Answer:
[tex]y = 1 - x^2[/tex]
Step-by-step explanation:
we're given three points (0,1),(1,0) and (-1,0). and and equation of a parabola
[tex]y = a + bx + cx^2[/tex]
we can plug in each of the coordinates, and 3 equations
(x,y) = (0,1)
[tex]1 = a + b(0) + c(0)^2[/tex]
[tex]a=1\quad\quad\Rightarrow A[/tex]
(x,y) = (1,0)
[tex]0 = a + b(1) + c(1)^2[/tex]
[tex]a + b + c=0\quad\quad\Rightarrow B[/tex]
(x,y) = (-1,0)
[tex]0 = a + b(-1) + c(-1)^2[/tex]
[tex]a - b + c=0\quad\quad\Rightarrow C[/tex]

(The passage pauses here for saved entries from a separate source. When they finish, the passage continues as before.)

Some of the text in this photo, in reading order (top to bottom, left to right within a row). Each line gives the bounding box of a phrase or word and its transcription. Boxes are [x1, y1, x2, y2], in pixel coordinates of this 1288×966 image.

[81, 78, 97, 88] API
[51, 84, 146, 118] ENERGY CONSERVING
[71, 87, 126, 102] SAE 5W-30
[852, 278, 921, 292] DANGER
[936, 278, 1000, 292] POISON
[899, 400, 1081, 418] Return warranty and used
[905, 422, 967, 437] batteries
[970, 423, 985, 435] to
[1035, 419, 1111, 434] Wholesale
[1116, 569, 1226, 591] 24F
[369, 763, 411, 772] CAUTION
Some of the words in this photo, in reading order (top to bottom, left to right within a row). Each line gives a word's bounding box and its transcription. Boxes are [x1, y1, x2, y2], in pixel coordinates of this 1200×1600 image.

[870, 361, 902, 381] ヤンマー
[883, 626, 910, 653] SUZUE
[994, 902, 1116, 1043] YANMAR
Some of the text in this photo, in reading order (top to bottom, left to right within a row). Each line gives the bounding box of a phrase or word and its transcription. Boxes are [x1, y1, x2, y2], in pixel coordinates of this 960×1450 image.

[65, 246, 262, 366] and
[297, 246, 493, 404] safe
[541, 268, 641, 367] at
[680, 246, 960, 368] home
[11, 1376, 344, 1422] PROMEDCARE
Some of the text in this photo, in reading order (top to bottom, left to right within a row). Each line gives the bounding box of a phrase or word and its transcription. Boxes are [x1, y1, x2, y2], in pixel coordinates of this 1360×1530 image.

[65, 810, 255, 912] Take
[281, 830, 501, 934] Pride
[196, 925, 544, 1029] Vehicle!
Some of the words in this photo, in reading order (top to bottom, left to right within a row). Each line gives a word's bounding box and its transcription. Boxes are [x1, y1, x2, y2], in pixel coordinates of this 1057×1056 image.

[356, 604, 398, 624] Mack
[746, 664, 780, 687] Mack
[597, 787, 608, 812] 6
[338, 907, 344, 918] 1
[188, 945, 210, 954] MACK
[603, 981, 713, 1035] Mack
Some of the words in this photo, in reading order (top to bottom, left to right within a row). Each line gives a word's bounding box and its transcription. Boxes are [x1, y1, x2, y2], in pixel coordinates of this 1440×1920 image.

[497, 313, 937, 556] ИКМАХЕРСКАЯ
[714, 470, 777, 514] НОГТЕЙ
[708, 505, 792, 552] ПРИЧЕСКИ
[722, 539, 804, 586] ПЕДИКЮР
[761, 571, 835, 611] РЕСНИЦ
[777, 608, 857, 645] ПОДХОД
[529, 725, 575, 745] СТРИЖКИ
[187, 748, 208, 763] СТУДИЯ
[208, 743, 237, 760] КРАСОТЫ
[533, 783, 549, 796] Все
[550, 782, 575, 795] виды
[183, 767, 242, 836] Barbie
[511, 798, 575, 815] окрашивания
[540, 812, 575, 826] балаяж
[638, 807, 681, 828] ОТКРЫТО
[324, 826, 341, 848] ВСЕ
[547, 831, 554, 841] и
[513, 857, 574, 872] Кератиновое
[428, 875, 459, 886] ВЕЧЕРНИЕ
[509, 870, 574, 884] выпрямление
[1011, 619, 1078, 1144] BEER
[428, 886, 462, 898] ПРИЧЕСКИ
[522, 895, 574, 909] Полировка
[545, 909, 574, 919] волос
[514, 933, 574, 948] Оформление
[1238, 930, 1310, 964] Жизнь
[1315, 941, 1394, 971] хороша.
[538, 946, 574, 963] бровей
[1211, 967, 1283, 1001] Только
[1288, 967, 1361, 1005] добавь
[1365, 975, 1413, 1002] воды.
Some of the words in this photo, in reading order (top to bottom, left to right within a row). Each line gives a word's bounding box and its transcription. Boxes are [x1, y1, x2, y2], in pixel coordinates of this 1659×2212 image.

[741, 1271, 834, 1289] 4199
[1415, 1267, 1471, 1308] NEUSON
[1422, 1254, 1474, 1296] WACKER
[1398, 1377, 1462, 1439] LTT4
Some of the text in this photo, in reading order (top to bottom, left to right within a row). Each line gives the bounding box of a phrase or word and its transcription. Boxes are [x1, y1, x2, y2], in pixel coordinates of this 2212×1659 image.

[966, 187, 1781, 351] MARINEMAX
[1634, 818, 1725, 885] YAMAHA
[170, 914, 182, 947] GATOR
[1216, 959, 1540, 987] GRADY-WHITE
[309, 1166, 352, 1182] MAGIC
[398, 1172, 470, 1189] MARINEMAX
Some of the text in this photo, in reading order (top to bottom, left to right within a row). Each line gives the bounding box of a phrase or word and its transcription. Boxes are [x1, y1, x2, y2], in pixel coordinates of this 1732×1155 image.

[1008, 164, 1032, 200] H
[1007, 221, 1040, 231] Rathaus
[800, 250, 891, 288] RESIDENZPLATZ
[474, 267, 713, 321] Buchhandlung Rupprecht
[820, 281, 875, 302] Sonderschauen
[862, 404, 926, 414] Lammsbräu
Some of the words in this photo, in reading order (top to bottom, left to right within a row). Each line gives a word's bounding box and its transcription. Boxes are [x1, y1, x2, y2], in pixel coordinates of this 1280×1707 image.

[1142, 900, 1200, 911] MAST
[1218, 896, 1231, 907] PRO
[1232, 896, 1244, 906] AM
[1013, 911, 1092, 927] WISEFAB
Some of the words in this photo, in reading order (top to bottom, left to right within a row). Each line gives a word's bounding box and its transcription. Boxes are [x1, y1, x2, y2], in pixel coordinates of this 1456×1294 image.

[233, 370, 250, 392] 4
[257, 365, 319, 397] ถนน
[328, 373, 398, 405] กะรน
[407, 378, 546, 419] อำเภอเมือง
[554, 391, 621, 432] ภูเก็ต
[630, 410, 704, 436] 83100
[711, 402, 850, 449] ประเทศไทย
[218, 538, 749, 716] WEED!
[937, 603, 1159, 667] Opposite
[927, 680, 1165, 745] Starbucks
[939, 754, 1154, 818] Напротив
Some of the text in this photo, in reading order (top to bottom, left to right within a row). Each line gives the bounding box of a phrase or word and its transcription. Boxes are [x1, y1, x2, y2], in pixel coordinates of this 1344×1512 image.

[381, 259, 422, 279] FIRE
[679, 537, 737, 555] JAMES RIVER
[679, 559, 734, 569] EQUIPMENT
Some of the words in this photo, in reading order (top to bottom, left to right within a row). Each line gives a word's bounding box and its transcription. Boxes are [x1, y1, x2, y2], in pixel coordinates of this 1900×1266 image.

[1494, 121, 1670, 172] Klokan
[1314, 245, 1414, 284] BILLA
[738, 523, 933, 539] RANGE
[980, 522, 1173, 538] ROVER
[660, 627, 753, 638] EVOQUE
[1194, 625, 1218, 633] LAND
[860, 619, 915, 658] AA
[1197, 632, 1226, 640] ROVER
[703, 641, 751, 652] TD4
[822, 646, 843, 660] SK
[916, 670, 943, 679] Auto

These are are three equations, well we can simultaneously solve them to find the values of a, b and c.
we already found that, a = 1. so we plug this value in the rest of the equations. we'll use equation B.
[tex]a + b + c=0[/tex]
[tex]1 + b + c=0[/tex]
[tex]b=-1-c[/tex]
we can substitute this value of b and a = 1, equation C
[tex]a - b + c=0[/tex]
[tex]1 -(-1-c) + c=0[/tex]
[tex]1 +1+c + c=0[/tex]
[tex]2+2c=0[/tex]
[tex]c=-1[/tex]
we can use this value of c back in b
[tex]b=-1-(-1)[/tex]
[tex]b=0[/tex]
hence our equation of the 2-degree polynomial will be:
[tex]y = a + bx + cx^2[/tex]
[tex]y = 1 + (0)x + (-1)x^2[/tex]
[tex]y = 1 - x^2[/tex]
and this polynomial indeed passes through all the points (0, 1), (1, 0), and (-1, 0).
And since these are the only solutions to the simultaneous equation we solved (i.e. we have single values of a,b and c). there's no other possibility.